コンサルファームにおいては、上場することによる受ける恩恵がそこまで大きくない
前回、「上場しているコンサルファームの決算状況(2017年度版)」(https://www.consul.global/post1761/)という記事を公開しましたが、上場しているコンサルファームは限られ、外資系コンサルファームを中心に、上場していない企業が大半となります。今回は、コンサルファームがなぜ上場しないのかフォーカスしてみます。
■大手ファームの場合
PwC、KPMG、Deloitteといった外資大手は、監査法人グループであり、独立性の観点から上場できません。
■アクセンチュアの場合
監査法人を保有していないことから、上場に関する足かせは無く、現在ニューヨーク証券取引所に上場しています。

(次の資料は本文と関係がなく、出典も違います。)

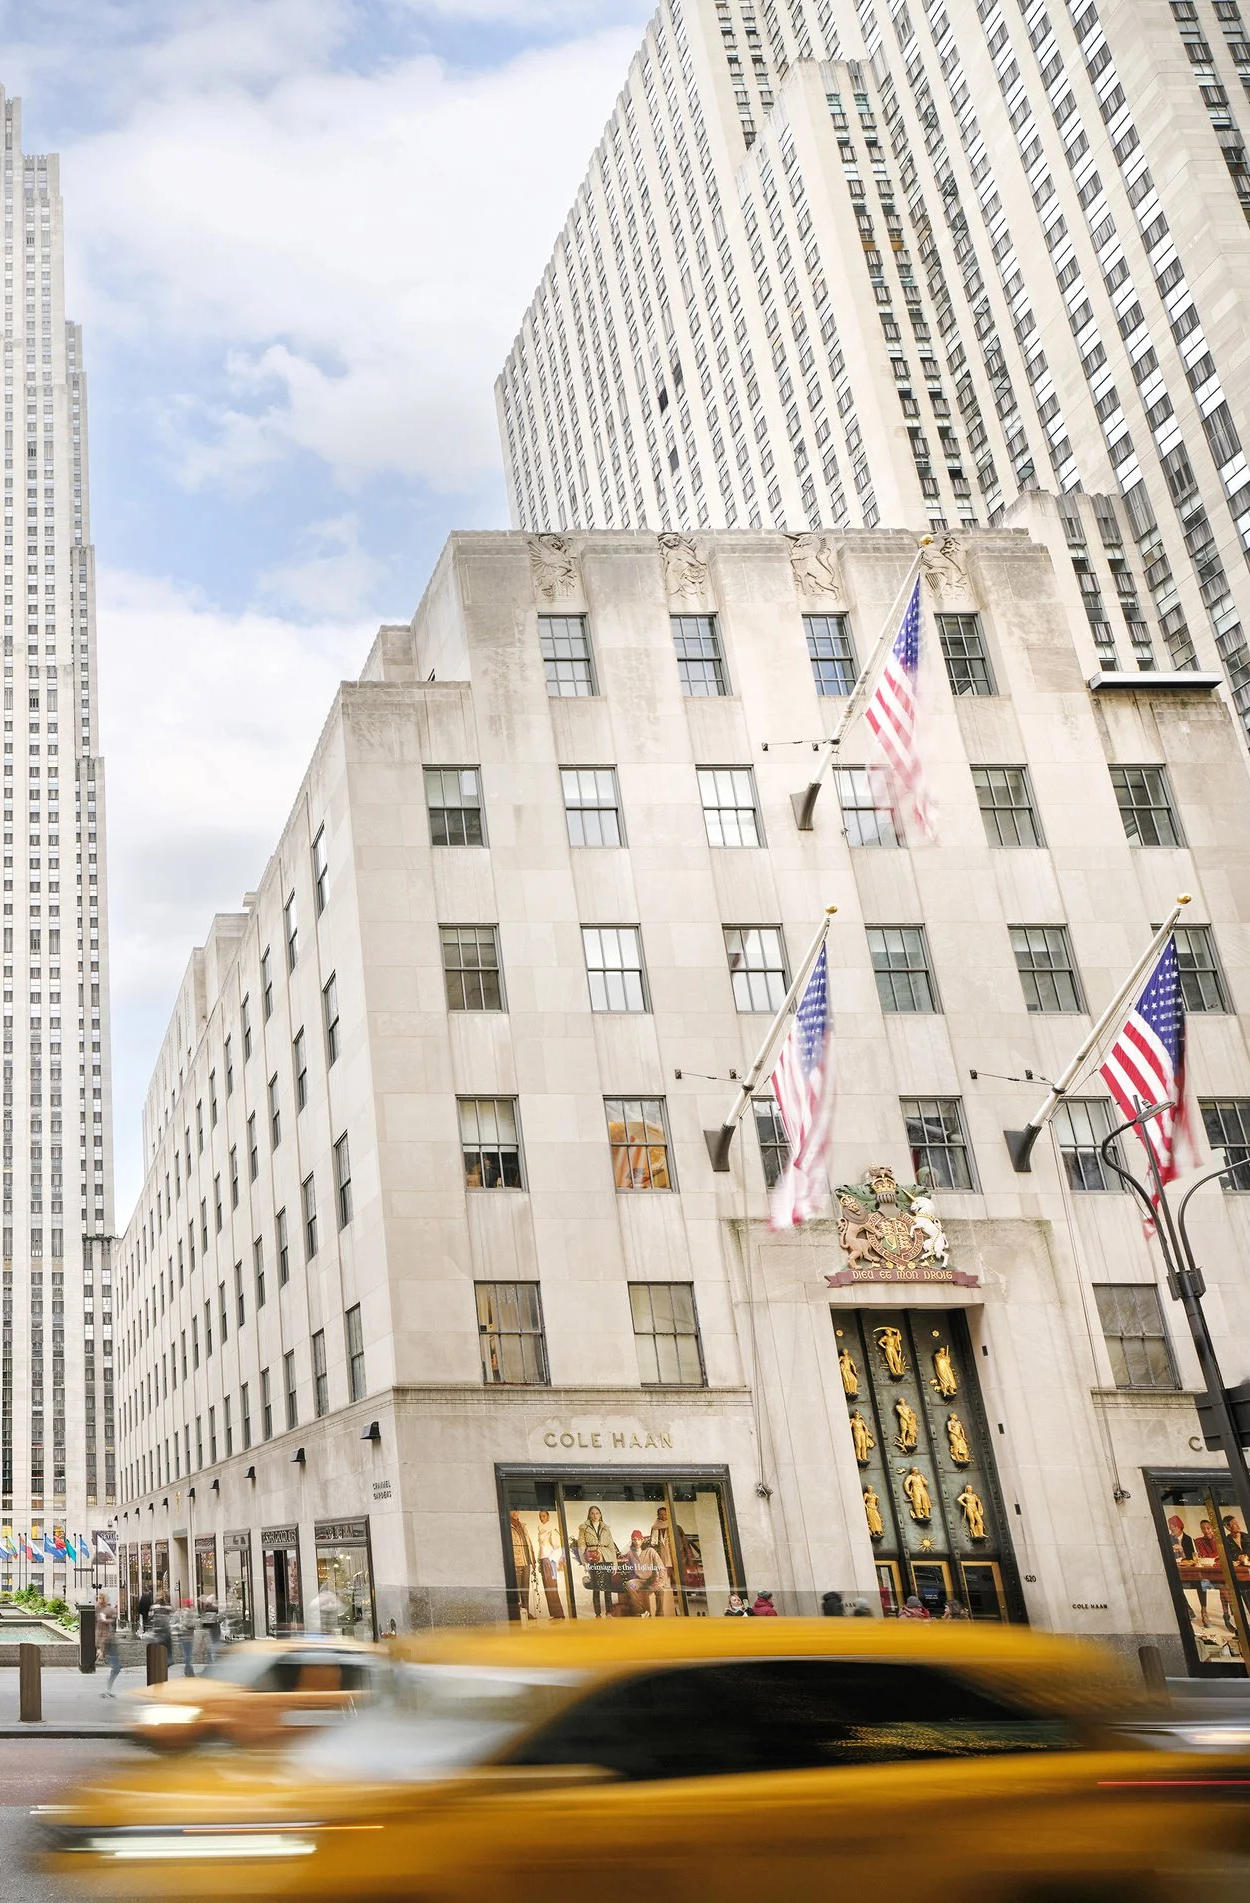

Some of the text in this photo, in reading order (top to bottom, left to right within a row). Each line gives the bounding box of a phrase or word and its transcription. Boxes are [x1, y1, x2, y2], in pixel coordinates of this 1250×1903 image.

[852, 1270, 953, 1280] DIEU ET MON DROIT
[544, 1432, 673, 1449] COLE HAAN
[1025, 1574, 1037, 1583] 620

上記以外にも(戦略ファームが特にですが)、株式会社では無く合同会社にしており、日本市場は大きく見ていないというケースもあります。合同会社に関しては以下の記事でまとめています。
さて、外資ファームの事情は様々ですが、主に日系ファームが上場しないであろう理由を考察していきたいと思います(あくまで考察です)。
目次
上場のメリットを享受しない
上場した際の一般的なメリット例として、以下があります。
メリット1:資金調達・資金調達しやすい
メリット2:知名度・社会的信用度の向上(⇒ 営業力の強化・採用力の強化)
メリット3:ストックオプションによる既存社員の経営参画意識向上
それぞれをコンサルファームの視点で見てみます。
■メリット1:資金調達・資金調達しやすい
そもそもコンサルティングのビジネスモデルとして、元手を必要とせず、かつ大規模な設備投資や広告宣伝が顧客開拓につながるとは言いづらく、資金調達の必要性は低いと言えます。(むろん、上場前の株主からしたら、Exitで利益を得られるというのは大きいです。)

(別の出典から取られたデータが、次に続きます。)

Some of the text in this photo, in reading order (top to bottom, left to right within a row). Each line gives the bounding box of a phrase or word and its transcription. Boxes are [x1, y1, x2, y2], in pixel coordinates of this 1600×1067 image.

■メリット2:知名度・社会的信用度の向上(⇒ 営業力の強化・採用力の強化)
コンサルの性質上、B2Bの中でも主として経営幹部クラスに知れ渡っておればよく、知名度を万人にふりまけばいいというものでもありません。経営幹部にピンポイントにブランディングが出来ることが一番であり、上場でそれら経営幹部層に深く刺さるかというとそうではありません。むしろ日経やWBS(ワールドビジネスサテライト)に記事や広告を出稿し続けるほうが効果は大きいのではないでしょうか。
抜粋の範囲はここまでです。